Angel Olsen is not a perfect singer. Sometimes, she misses notes entirely. Take “Can’t Wait Until Tomorrow” from 2012’s Half Way Home, her second full-length. Like almost every other song on the album, “Can’t Wait” is a raw, minimal number powered entirely by Olsen’s vocal cords and plaintive, careful strikes on acoustic guitar strings. “I hope I can be somebody who shows you your heart/ The way that it weighs upon my own/ If only we could understand each other, I’d happily die/ Oh, I don’t care if I spend my whole life away,” she sings. On that “Oh,” her voice cracks, quivering as if she’s suddenly begun to weep and is a hair away from wailing.

This sort of flaw is something another school of singer-songwriter would swiftly fixate on solving, but Olsen doesn’t mind such blemishes. “Sometimes, I’ll hit a note, and sometimes, I don’t. Why not at least try?” she told Pitchfork this past February, and now elaborates on during our interview: “It’s not always about the melody in my mind. A lot of the time, my writing is more about expressing something as if I were talking,” she says. “In not necessarily making [a song] this pretty, melodic thing, it comes across as a statement. It’s very human and real.”

It’s an unconventional line of thinking from someone who already has led an unconventional life in music. As the Chicago-based St. Louis native was being adopted around age 3, her biological uncle gave her a keyboard. That instrument became “the first real thing that I became attached to as far as an object” and something she kept until she was 17. She has been singing and writing tunes since about age 7; her parents would share stories about her rising in the middle of the night and singing until they could coax her into falling back asleep. (Speaking of which, her parents listened to the Everly Brothers and the Righteous Brothers, so she consumed them in kind in her childhood.) In high school, she dropped out of cheerleading to join a Christian ska-punk band.

At around 12, Olsen began cutting her teeth as a vocalist by making mixtapes of herself singing over Whitney Houston and Mariah Carey tunes. She would record songs from the radio and add her own vocals to them. “I remember getting bummed out because I had this little girl voice and I knew it,” she says.

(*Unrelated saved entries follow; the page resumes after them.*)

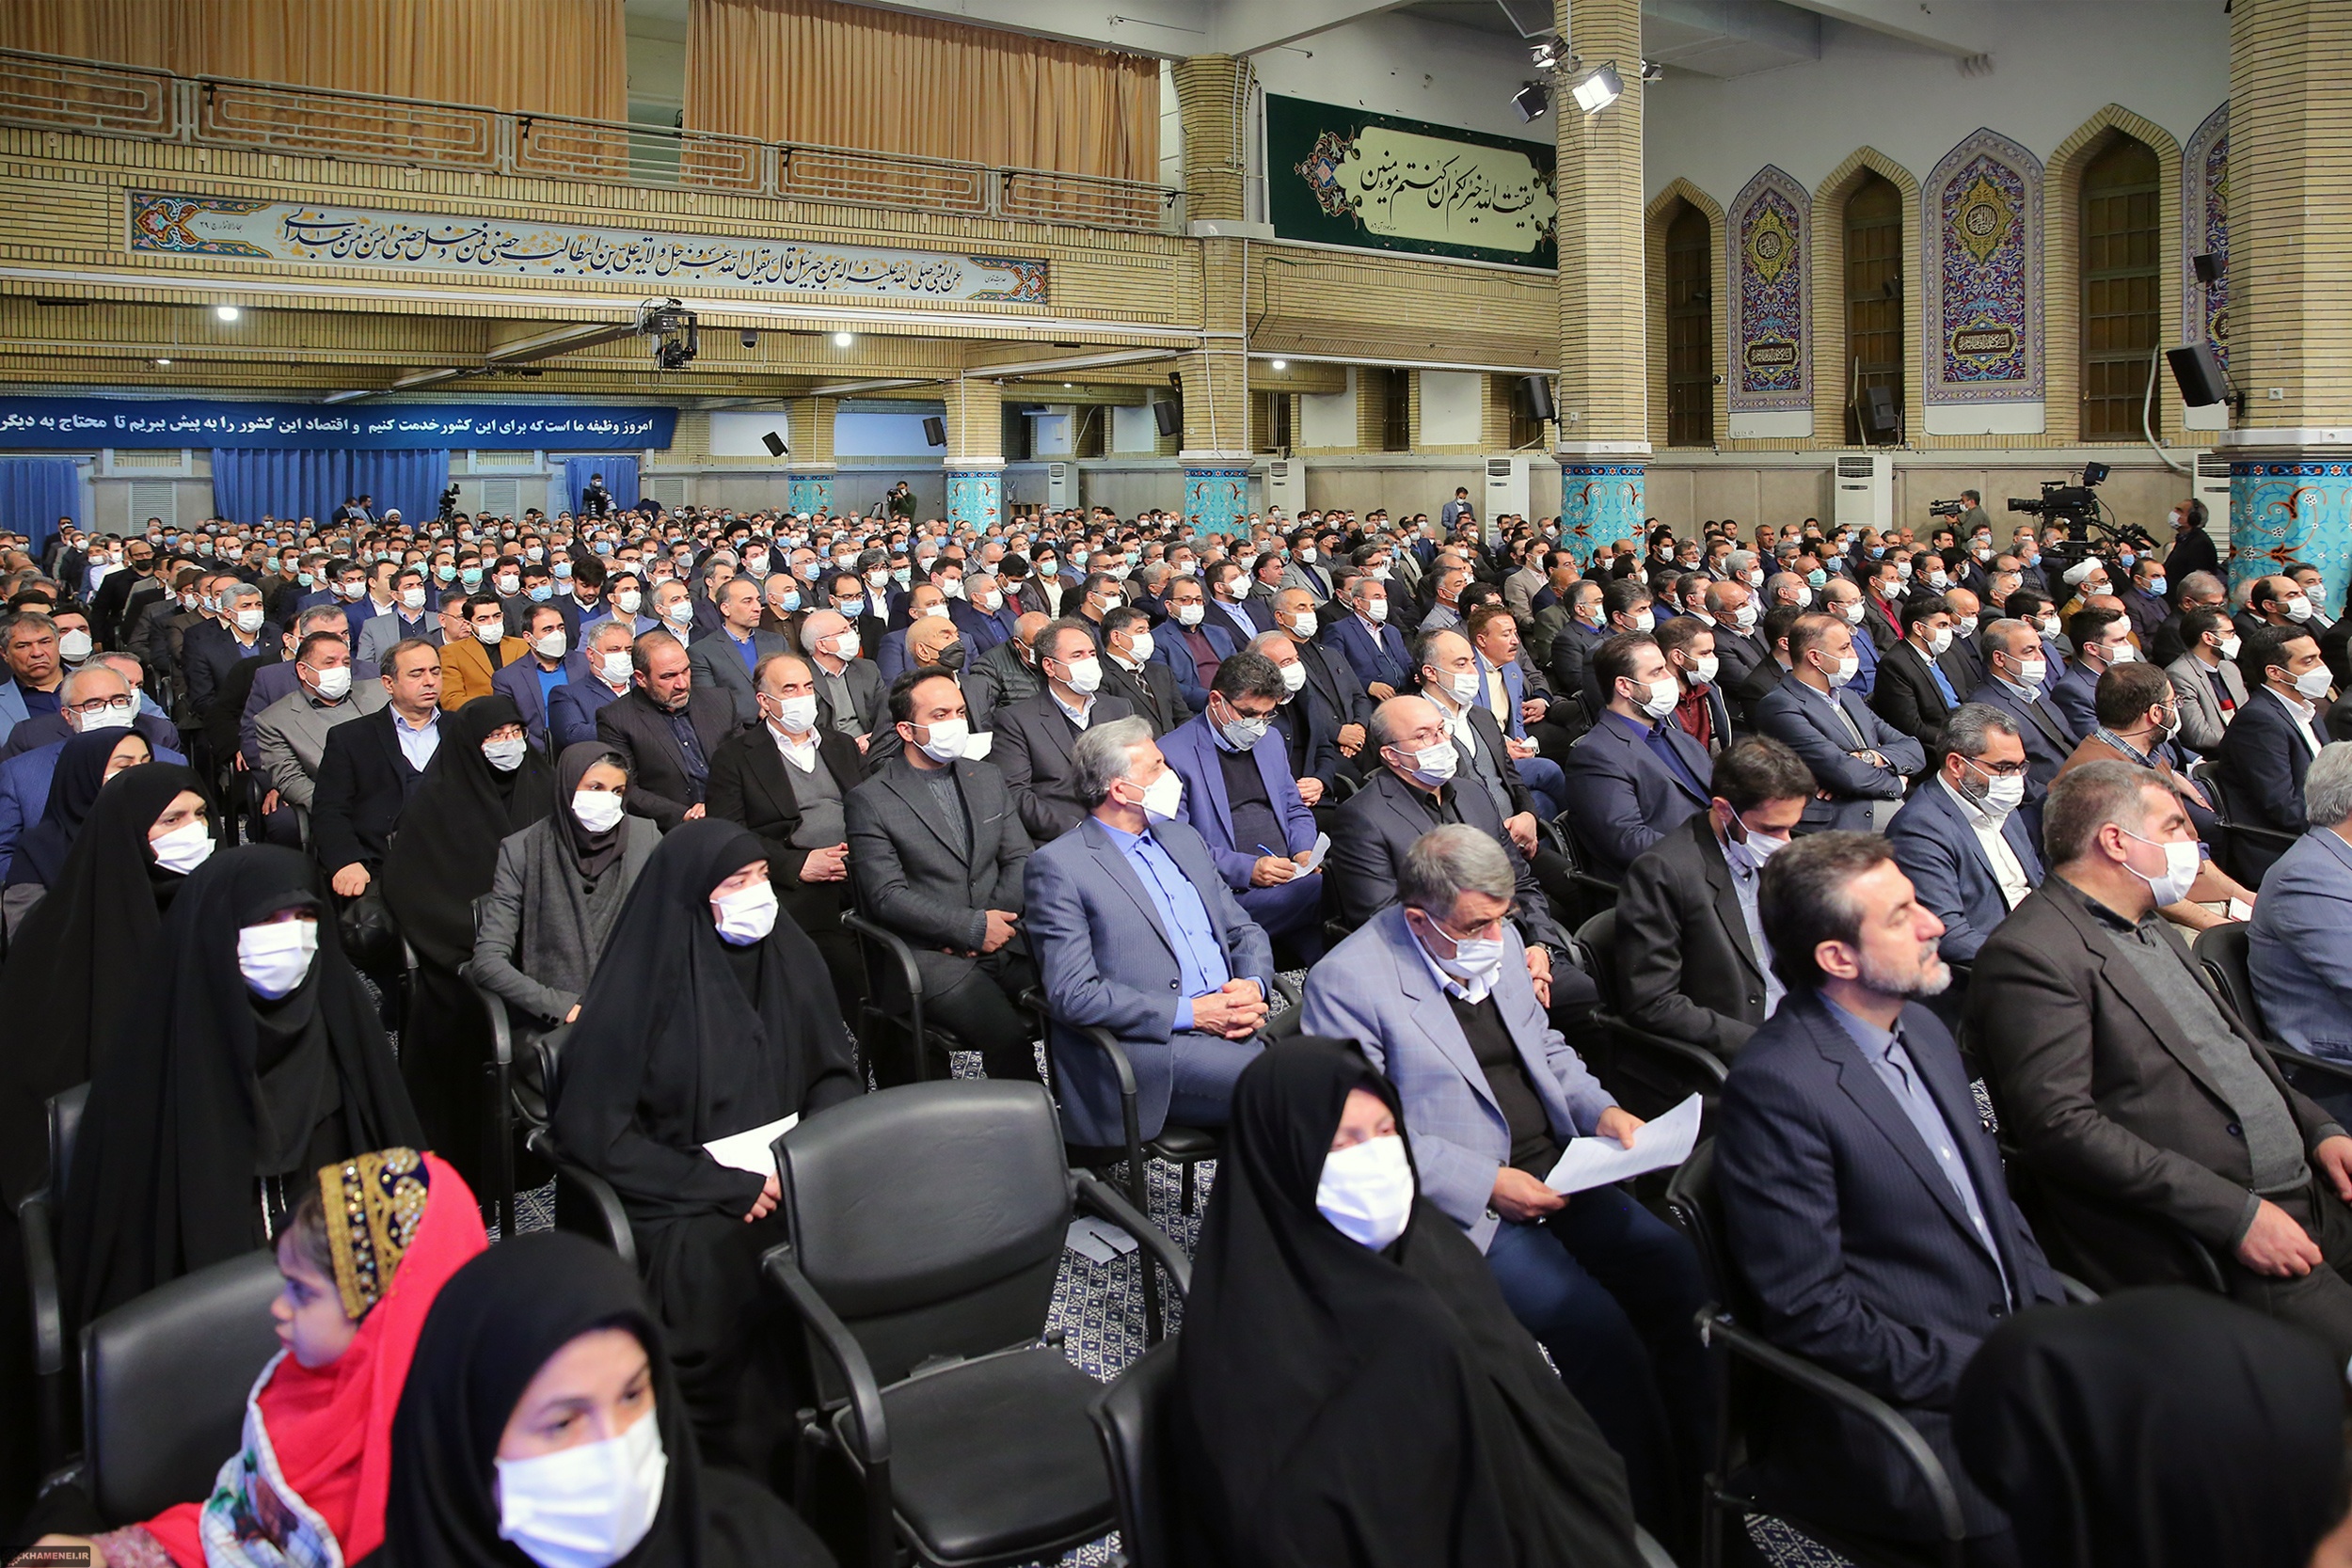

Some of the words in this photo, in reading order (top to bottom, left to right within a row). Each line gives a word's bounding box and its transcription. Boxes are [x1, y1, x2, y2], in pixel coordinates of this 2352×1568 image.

[1390, 155, 1460, 225] کنتم
[1456, 173, 1482, 224] خیر
[1473, 180, 1497, 209] الله
[1446, 165, 1478, 233] لکم
[39, 414, 56, 433] به
[58, 413, 108, 433] محتاج
[113, 414, 127, 430] تا
[129, 417, 167, 434] ببریم
[168, 414, 201, 434] پیش
[202, 417, 218, 433] به
[220, 415, 235, 433] را
[238, 416, 276, 434] کشور
[278, 417, 302, 435] این
[305, 417, 349, 432] اقتصاد
[351, 422, 360, 435] و
[368, 418, 396, 435] کنیم
[398, 418, 440, 432] خدمت
[439, 418, 473, 436] کشور
[474, 418, 497, 436] این
[499, 419, 527, 435] برای
[529, 419, 545, 433] که
[545, 419, 570, 432] است
[573, 419, 585, 432] ما
[586, 419, 620, 435] وظیفه
[621, 419, 653, 436] امروز

She would wonder when her real voice as a woman was going to come along; in a December 2012 interview with the Chicago Reader, she said that she sometimes still wonders.

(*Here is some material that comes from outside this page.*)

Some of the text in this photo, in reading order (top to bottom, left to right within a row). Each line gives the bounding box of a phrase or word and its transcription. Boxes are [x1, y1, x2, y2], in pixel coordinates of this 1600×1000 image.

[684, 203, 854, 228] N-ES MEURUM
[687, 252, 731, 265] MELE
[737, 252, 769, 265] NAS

Now 26, Olsen heartily reps DIY-friendly folk. She recorded Strange Cacti, her 2011 debut EP, in her kitchen, and 2013’s Sleepwalker still very much puts that unvarnished aesthetic to work. Injecting her output with honesty is absolutely fundamental. “When I’ve written [a song], I hope that it’s something I believe is true. Otherwise, I just feel like you’re misleading yourself by singing these mantras that don’t matter to you,” she says. “That’s cool and hip and everything, but it’s just empty and void.”